I was very disappointed with the 2 boutiques in the ATL area that sells the Michael Kors Collection.  Their selection was dismally minimal.  The only Miranda's they had were the extra small, one or 2 Casey, no Lexi or Skorpios bags at all, much less some of the newer high end styles.  The SA told me Michael Kors did not do a large Leather Miranda for Fall 2015.  The only ones the can order are the Elephant color block or the Crocodile in the large size.  How disappointing.  Not a large selection of bags from either collection, actually.  I did see a few Lexi & Skorpios bags at Saks & Nordstroms.  In fact, those stores had more of a selection of styles than the boutiques.  But Hubby & I had a nice time.  He found a Roberto Coin diamond bracelet that he thought was very unique & kept asking how I liked it.  Who knows, if I'm lucky, I might find it in my stocking at Christmas. LOL


----------



## ubo22

cdtracing said:


> Thank you, Ladies.  I hope to have her by the end of the week.  Anticipation!!
> 
> I was very disappointed with the 2 boutiques in the ATL area that sells the Michael Kors Collection.  Their selection was dismally minimal.  The only Miranda's they had were the extra small, one or 2 Casey, no Lexi or Skorpios bags at all, much less some of the newer high end styles.  The SA told me Michael Kors did not do a large Leather Miranda for Fall 2015.  The only ones the can order are the Elephant color block or the Crocodile in the large size.  How disappointing.  Not a large selection of bags from either collection, actually.  I did see a few Lexi & Skorpios bags at Saks & Nordstroms.  In fact, those stores had more of a selection of styles than the boutiques.  But Hubby & I had a nice time.  He found a Roberto Coin diamond bracelet that he thought was very unique & kept asking how I liked it.  Who knows, if I'm lucky, I might find it in my stocking at Christmas. LOL


When I was searching for my black quilted gusset Miranda with shw last year, I was told by MK CS that they were no longer producing the large leather Mirandas.  Shortly thereafter, they came out with the elephant color.  But MK hasn't since come out with any new ones.  You may need to find what you're looking for on the reseller sites.


----------



## cdtracing

ubo22 said:


> When I was searching for my black quilted gusset Miranda with shw last year, I was told by MK CS that they were no longer producing the large leather Mirandas.  Shortly thereafter, they came out with the elephant color.  But MK hasn't since come out with any new ones.  You may need to find what you're looking for on the reseller sites.

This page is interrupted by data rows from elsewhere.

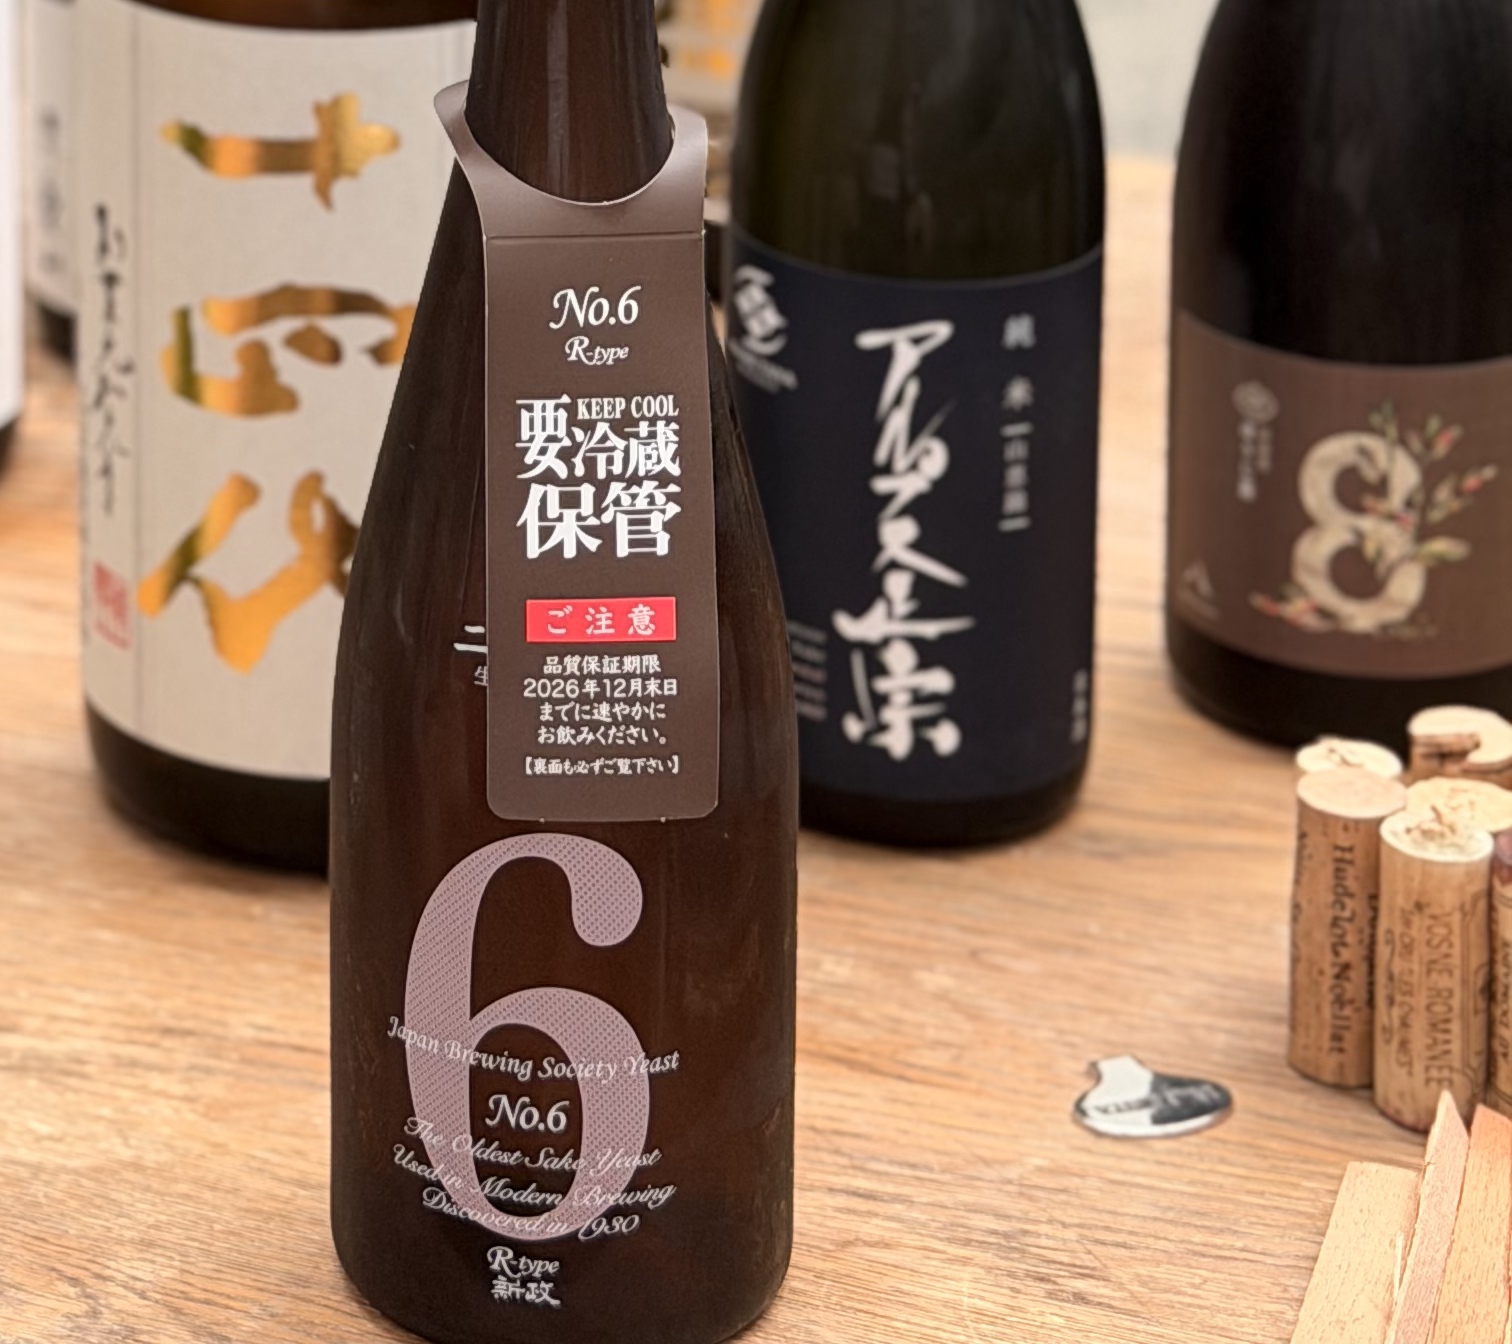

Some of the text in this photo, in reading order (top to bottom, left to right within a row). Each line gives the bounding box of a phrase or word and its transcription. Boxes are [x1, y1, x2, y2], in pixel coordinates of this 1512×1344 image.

[548, 285, 642, 330] No.6
[564, 335, 630, 366] R-type
[576, 394, 680, 420] KEEP COOL
[515, 393, 682, 480] 要冷蔵
[515, 480, 683, 559] 保管
[546, 603, 656, 636] ご注意
[543, 654, 662, 676] 品質保証期限
[522, 677, 679, 700] 2026年12月末日
[538, 701, 668, 722] までに速やかに
[536, 724, 669, 745] お飲みください。
[388, 1015, 681, 1085] Japan Brewing Society Yeast
[403, 831, 651, 1242] 6
[484, 1093, 570, 1133] No.6
[403, 1115, 662, 1177] The Oldest Sake Yeast
[392, 1143, 678, 1211] Used in Modern Brewing
[421, 1185, 640, 1242] Discovered in 1930
[486, 1245, 561, 1279] R-type
[490, 1276, 562, 1306] 新政

I agree, Ubo.  The only Miranda's that I saw were the extra small.  The black & blue leather combo for Fall looks really good but it's in the small size.  I've already started looking at resale sites.  I've found a couple of in Luggage & Navy & a Black on with Grommets.  The Grommet one looks good but I'm not sure how I would like it.  I have a Grommet Selma & love her but just not sure about the Grommets in the softer leather.  My first choice is with the quilted gusset but those are a little few & far between, especially in a year round color.  I've found them in pink, yellow, white, & grey but those are not color's I'm looking for.  I'm really leaning toward a black one but that one is scarce, especially one that's in good condition.  Most of the ones I've seen have a lot of external wear.  Some look like the top flaps have been crushed because they don't lay properly & look all wonky.  I have found a couple of Luggage that look to be in great shape & minimally used so I think I'm watching them closely.

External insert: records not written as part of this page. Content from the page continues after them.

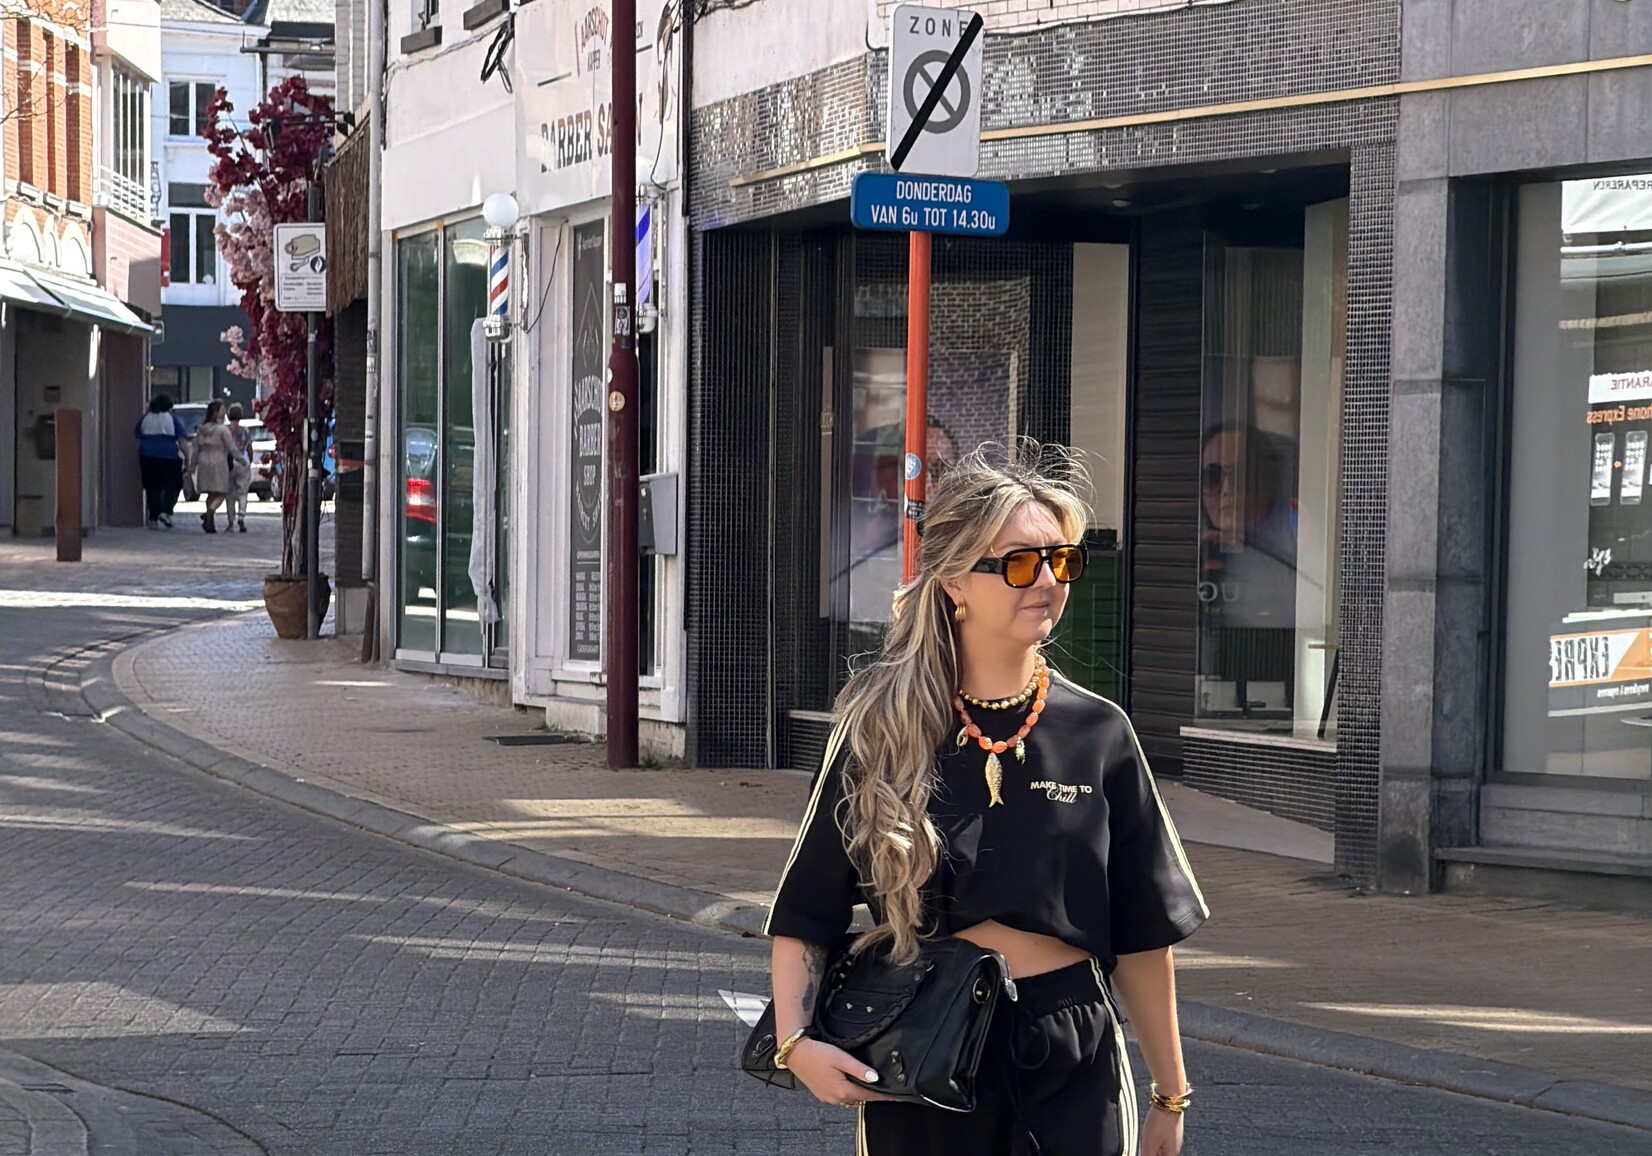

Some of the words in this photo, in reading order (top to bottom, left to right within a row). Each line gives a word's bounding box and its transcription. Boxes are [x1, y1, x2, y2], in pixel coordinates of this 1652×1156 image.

[909, 16, 969, 37] ZONE
[597, 92, 643, 157] SAN
[896, 180, 972, 203] DONDERDAG
[871, 205, 897, 224] VAN
[902, 206, 918, 225] 6u
[923, 207, 947, 226] TOT
[952, 209, 996, 230] 14.30u
[1030, 781, 1057, 790] MAKE
[1058, 783, 1077, 793] TIME
[1079, 785, 1093, 793] TO
[1046, 787, 1078, 804] Chill

One question...Is the Miranda easy to reshape if it's been flattened or stored improperly?


----------



## ubo22

cdtracing said:


> I agree, Ubo.  The only Miranda's that I saw were the extra small.  The black & blue leather combo for Fall looks really good but it's in the small size.  I've already started looking at resale sites.  I've found a couple of in Luggage & Navy & a Black on with Grommets.  The Grommet one looks good but I'm not sure how I would like it.  I have a Grommet Selma & love her but just not sure about the Grommets in the softer leather.  My first choice is with the quilted gusset but those are a little few & far between, especially in a year round color.  I've found them in pink, yellow, white, & grey but those are not color's I'm looking for.  I'm really leaning toward a black one but that one is scarce, especially one that's in good condition.  Most of the ones I've seen have a lot of external wear.  Some look like the top flaps have been crushed because they don't lay properly & look all wonky.  I have found a couple of Luggage that look to be in great shape & minimally used so I think I'm watching them closely.
> 
> One question...Is the Miranda easy to reshape if it's been flattened or stored improperly?

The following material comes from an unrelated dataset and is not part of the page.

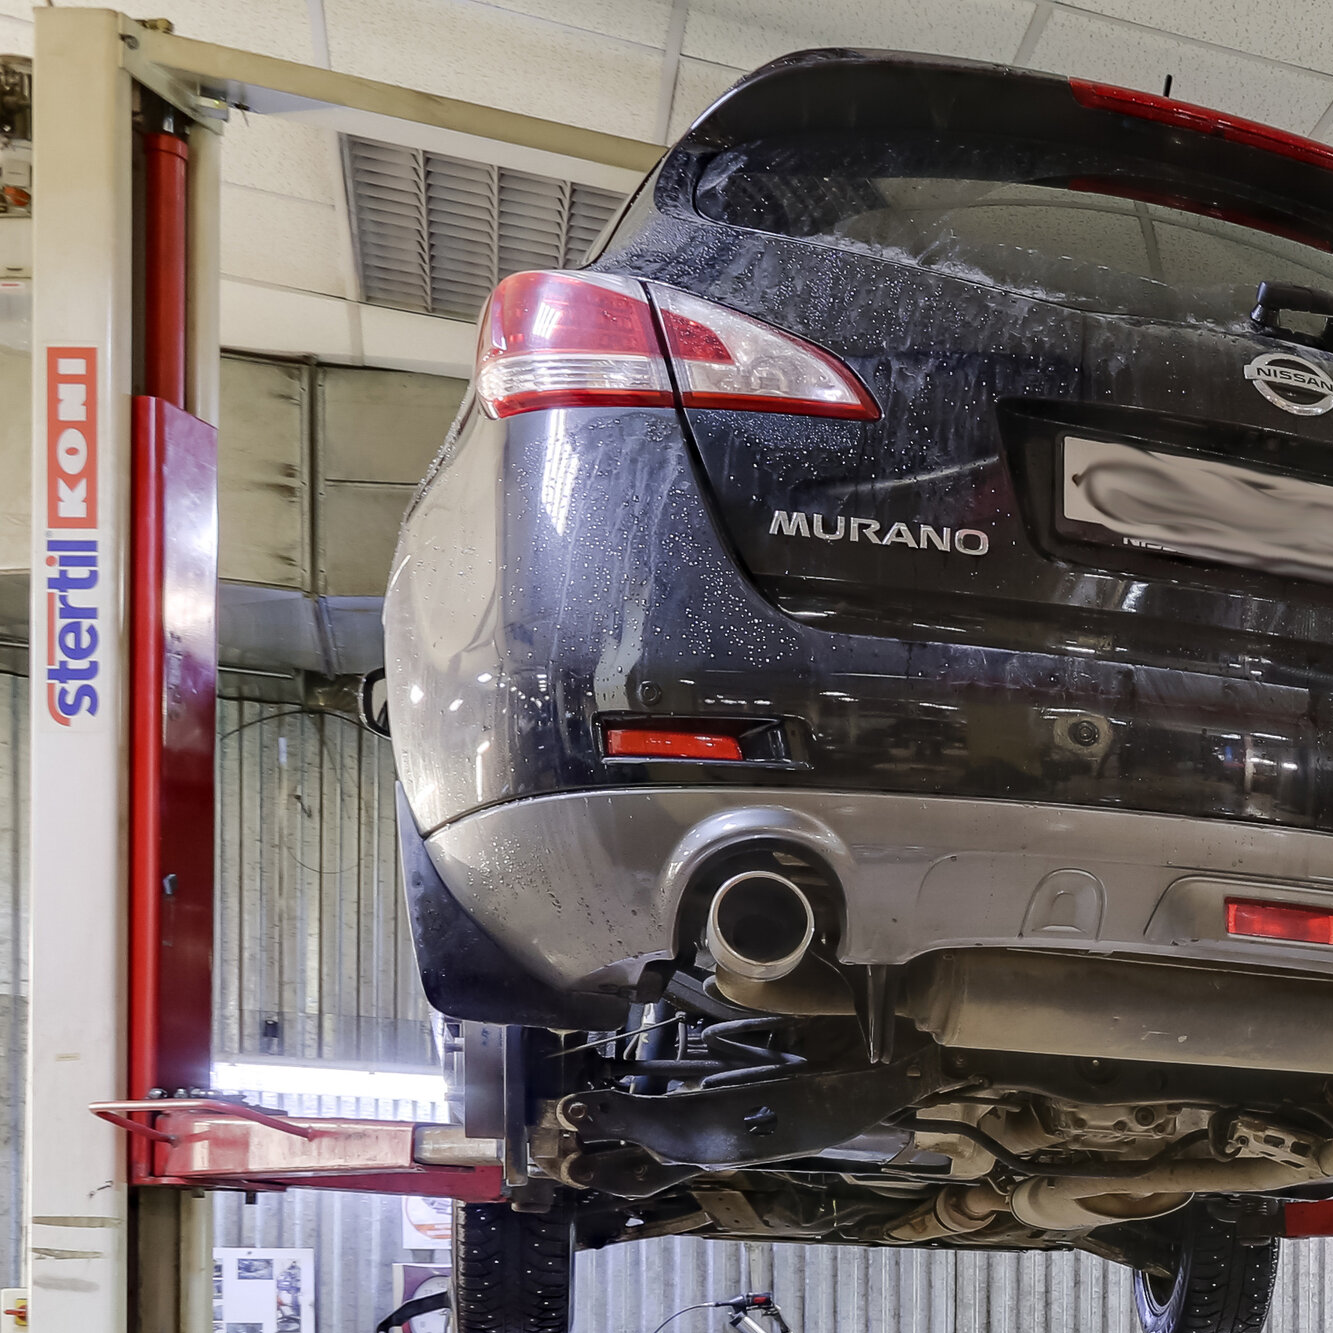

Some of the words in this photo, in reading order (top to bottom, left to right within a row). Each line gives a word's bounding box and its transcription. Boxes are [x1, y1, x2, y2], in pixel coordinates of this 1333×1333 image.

[56, 357, 89, 518] KONI
[768, 509, 990, 556] MURANO
[46, 539, 99, 727] stertil

I don't know because I always store mine stuffed.


----------



## ilysukixD

I haven't really used my Miranda because my concern the sagging process and also scratch marks. It's been sitting on my selves for a year. Do you ladies recommend get a structure bag organizer/shaper to maintain the shape?


----------



## myluvofbags

ilysukixD said:


> I haven't really used my Miranda because my concern the sagging process and also scratch marks. It's been sitting on my selves for a year. Do you ladies recommend get a structure bag organizer/shaper to maintain the shape?



Aww,  you really should use them.  If these are your concerns and what is preventing you from using them I think you should invest in a shaper.  As far as scratches,  I would just continue cleaning and conditioning and use them.   Unless there are gouges,  I wouldn't hesitate to keep using them.


----------



## ilysukixD

myluvofbags said:


> Aww,  you really should use them.  If these are your concerns and what is preventing you from using them I think you should invest in a shaper.  As far as scratches,  I would just continue cleaning and conditioning and use them.   Unless there are gouges,  I wouldn't hesitate to keep using them.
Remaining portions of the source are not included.